Efficacy of sensory and motor interventions for children with autism.
Most sensory and motor treatments for autism still lack solid proof—check the data before you buy the tool.
01Research in Context
What this study did
Baranek (2002) read every paper on sensory and motor treatments for kids with autism. The author looked at weighted vests, brushing, trampolines, balance boards, and more. No new data were collected; it is a story-style review of what existed in 2002.
What they found
Almost every sensory or motor intervention lacked solid proof. Studies were tiny, had no control groups, or measured change in odd ways. The review warns clinicians to stay skeptical until better trials appear.
How this fits with other research
Taylor et al. (2017) extends this warning. Their later systematic review on sleep used meta-analysis and found big gains for behavioral sleep methods in people with ID. Strong design replaced weak design, showing the field can move forward when rigorous methods are used.
Hinckson et al. (2013) echo the same worry. They hunted for a gold-standard activity monitor for kids with ID and found none. Both papers agree: measurement in developmental disability work is still shaky.
Venetsanou et al. (2011) look at the Movement ABC test.

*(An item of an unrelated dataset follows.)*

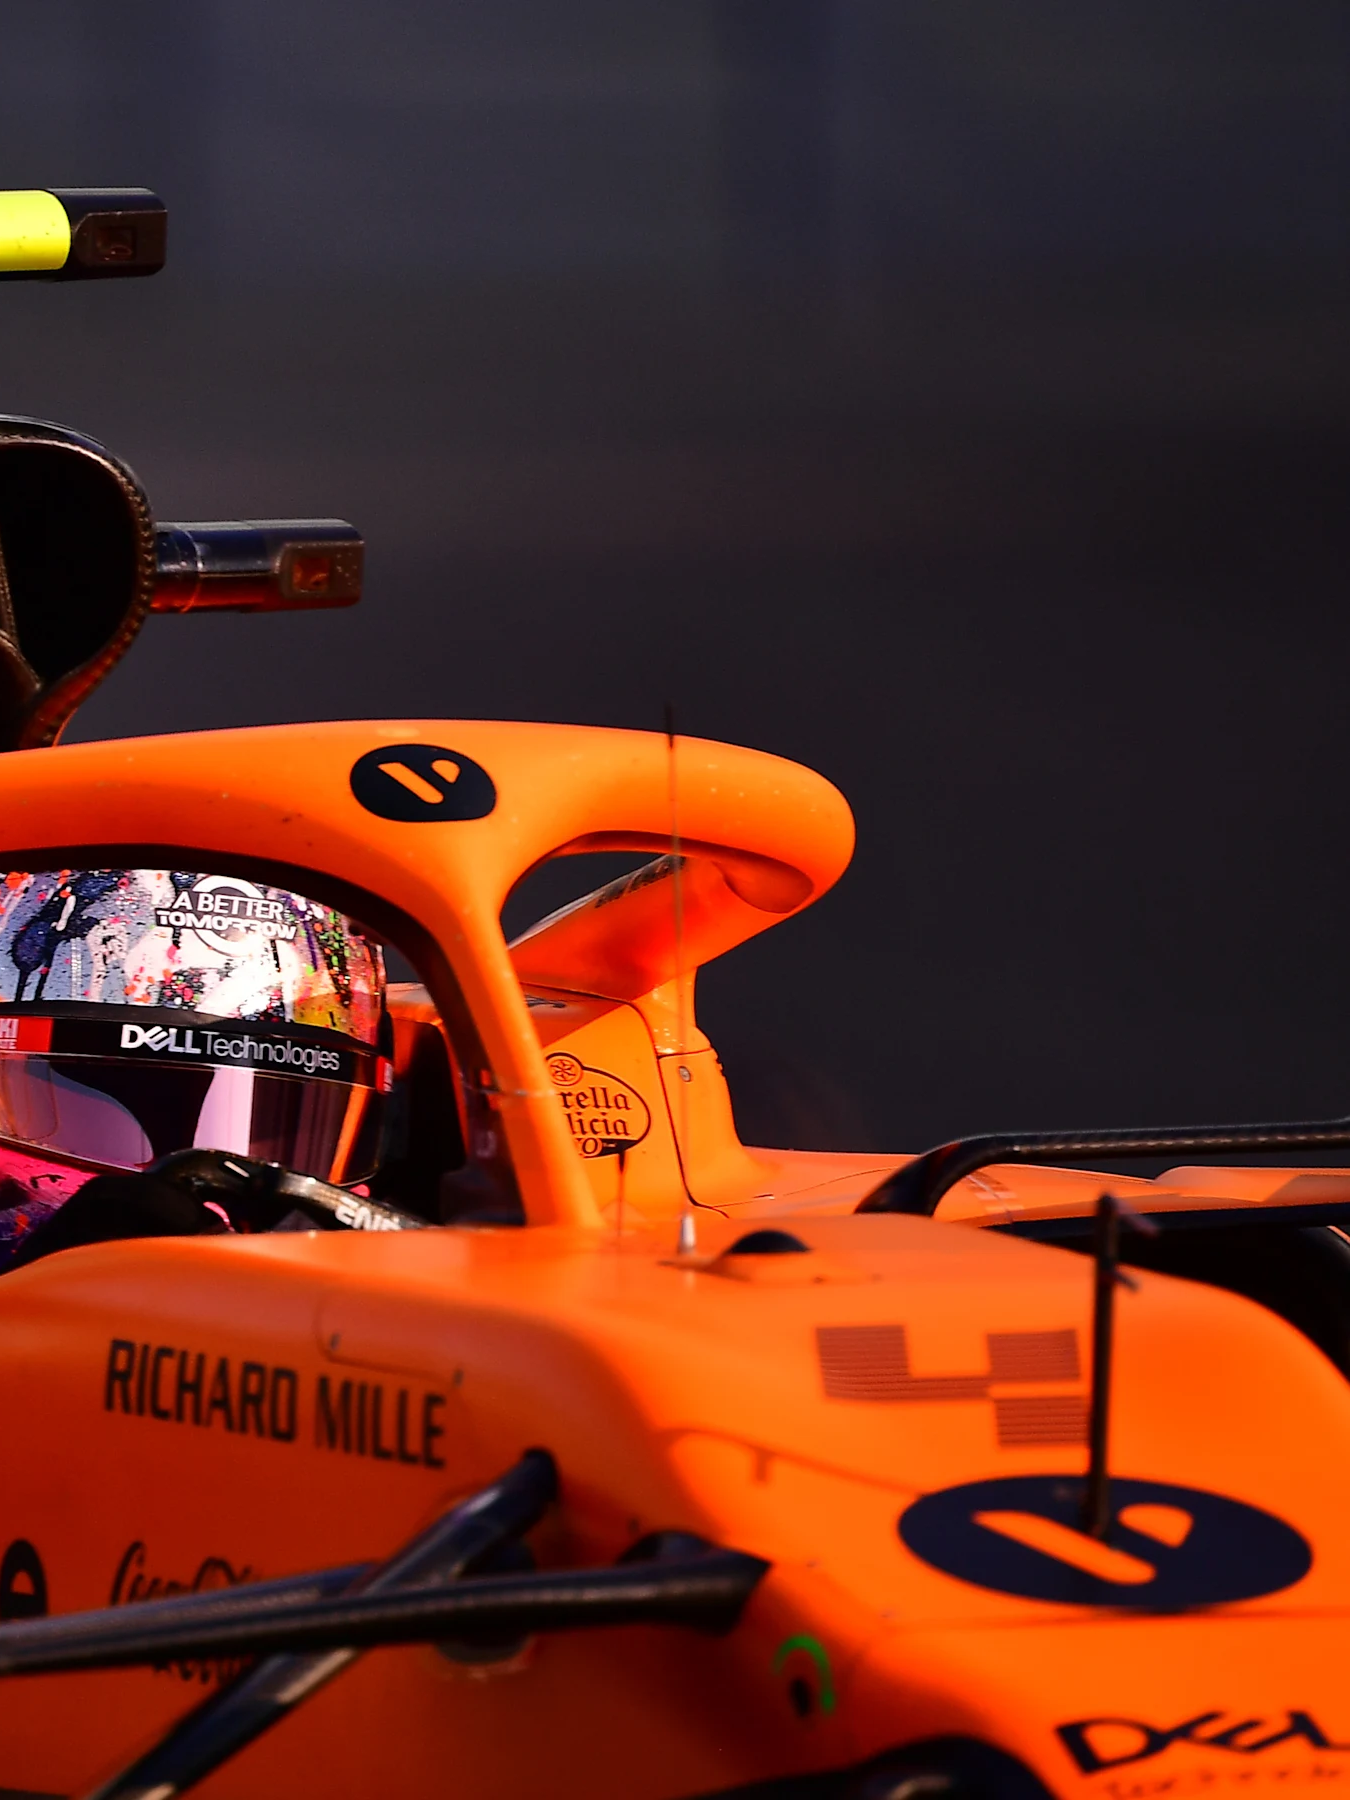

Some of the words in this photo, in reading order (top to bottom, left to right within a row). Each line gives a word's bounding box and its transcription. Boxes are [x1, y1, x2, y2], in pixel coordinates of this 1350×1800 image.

Like Baranek (2002), they conclude the tool should not be called a gold standard. Together, the reviews paint a clear pattern—motor and sensory tools often reach clinics before the evidence does.
Why it matters
Before you order that sensory swing or weighted blanket, ask for single-case or group data with baseline, control, and replication. If the vendor cannot show it, spend your budget on interventions with stronger backing, like behavioral sleep packages or language programs that have passed systematic review. Your client deserves strategies proven to work, not just ones that feel good.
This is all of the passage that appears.